Risolta tale preliminare questione, la Corte affronta, a valle, il tema del rapporto esistente tra azione risarcitoria ex lege n. 117 e danno ingiusto derivante da un provvedimento della Corte di Cassazione che, cassando la decisione impugnata, abbia poi deciso la causa nel merito, ex art. 384, comma 2, secondo inciso, c.p.c..

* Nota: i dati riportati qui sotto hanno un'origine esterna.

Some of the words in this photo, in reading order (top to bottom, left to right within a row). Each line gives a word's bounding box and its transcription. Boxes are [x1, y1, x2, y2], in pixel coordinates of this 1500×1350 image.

Il carattere “paradossale” della vicenda riposa sul rilievo che il danno asseritamente cagionato dal provvedimento del giudice di merito, emendabile “nel” processo attraverso la (auspicata) fisiologica impugnazione (sub specie, per l’appunto, di ricorso per cassazione), è cancellato da un “altro” danno, stavolta provocato da un provvedimento (la decisione della Corte di legittimità, per l’appunto) che, decidendo la causa con effetto sostitutivo della decisione gravata è, al contrario di quello impugnato, dotato del carattere di “tendenziale” definitività e stabilità, divenendo esso stesso - eccezionalmente - regola del caso concreto (cd. cassazione sostitutiva): come a dire...due torti non fanno una ragione!

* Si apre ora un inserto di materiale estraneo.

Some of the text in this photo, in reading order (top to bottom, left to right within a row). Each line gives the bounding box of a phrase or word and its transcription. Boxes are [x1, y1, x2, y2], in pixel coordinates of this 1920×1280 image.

Definitività e la stabilità, però, solo tendenziali, si diceva, giacché la decisione sul merito è idonea al giudicato ed è irretrattabile, salva (a) l’esperibilità nei confronti della stessa (contrariamente, peraltro, a quanto previsto per le altre decisioni assunte dalla Corte: cfr. Cass. civ., sez. II, 31.5.2016, n. 11236) dell’opposizione di terzo ex art. 404 c.p.c., nonché (b) la sua impugnabilità per revocazione, ex artt. 391-bis e ter c.p.c. (si rinvia, per un approfondimento sul punto, a Sorrentino, La revocazione delle pronunce della Corte di cassazione, in www.cortdicassazione.it).

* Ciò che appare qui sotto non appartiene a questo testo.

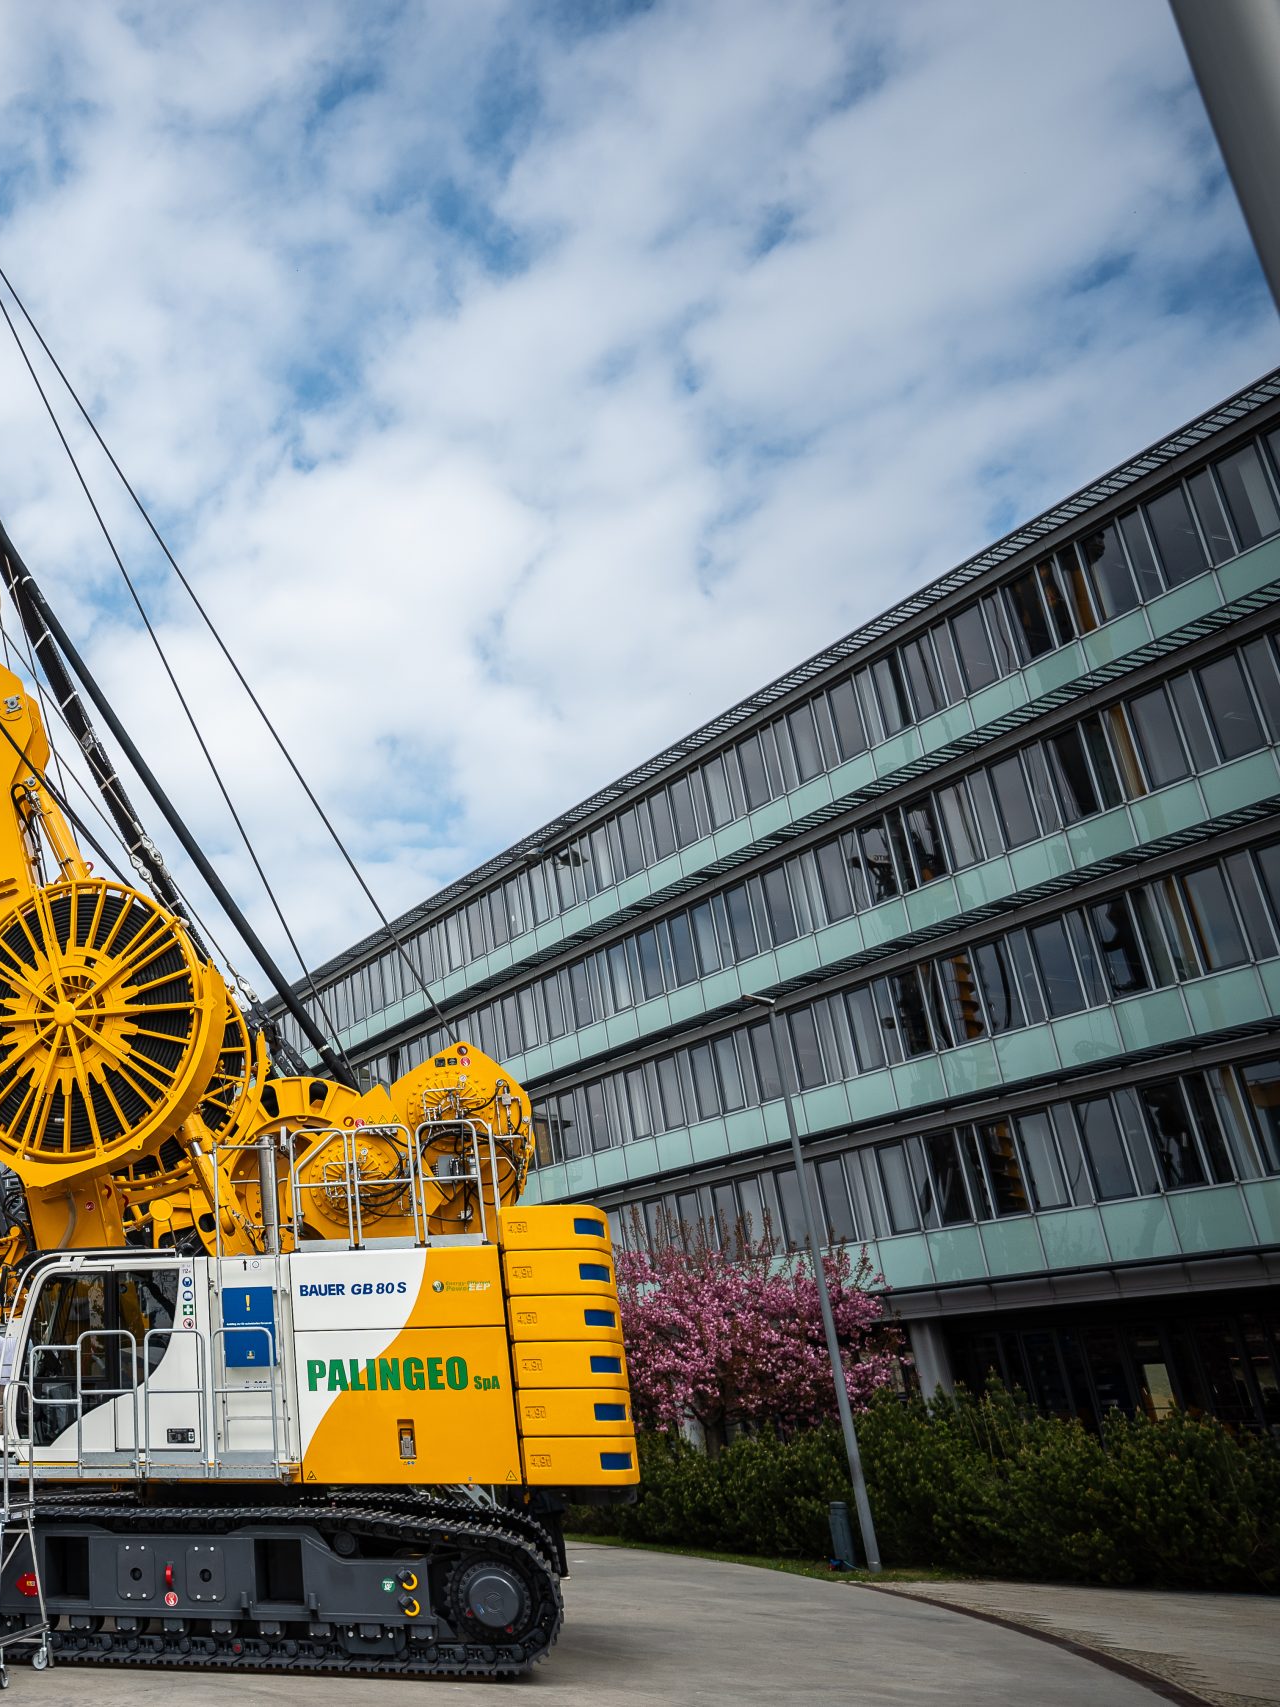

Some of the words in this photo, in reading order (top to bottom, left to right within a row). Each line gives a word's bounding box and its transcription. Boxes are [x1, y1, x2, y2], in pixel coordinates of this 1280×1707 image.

[299, 1284, 345, 1297] BAUER
[351, 1283, 373, 1296] GB
[376, 1283, 394, 1295] 80
[396, 1282, 407, 1294] S
[306, 1356, 468, 1392] PALINGEO
[473, 1375, 500, 1391] SpA

Orbene, esclusa la rilevanza, ai fini che in questa sede interessano, tanto del primo rimedio suddetto (idoneo a tutelare le ragioni dei terzi e non delle parti coinvolte nel giudizio definito con la sentenza opposta. Arg. da Cass. civ., sez. II, 15.12.2010, n. 25344), quanto della revocazione ex art. 391-ter c.p.c. (siccome non vincolata ad un termine fisso di proposizione e, dunque, inidonea a soddisfare quell’esigenza di certezza richiesta dall’art. 4, comma 2 e di cui si è appena detto), le Sezioni Unite concentrano la propria attenzione sul se e come la revocazione per errore di fatto ex art. 391-bis c.p.c. possa interferire con la duplice prescrizione contenuta nell’art. 4, comma 2, cit. ai fini della proponibilità dell’azione risarcitoria e, cioè, con (a) il previo esaurimento di tutti gli strumenti per ottenere la revoca o la modifica del provvedimento “danneggiante” e (b) il rispetto del termine di decadenza biennale (ora triennale).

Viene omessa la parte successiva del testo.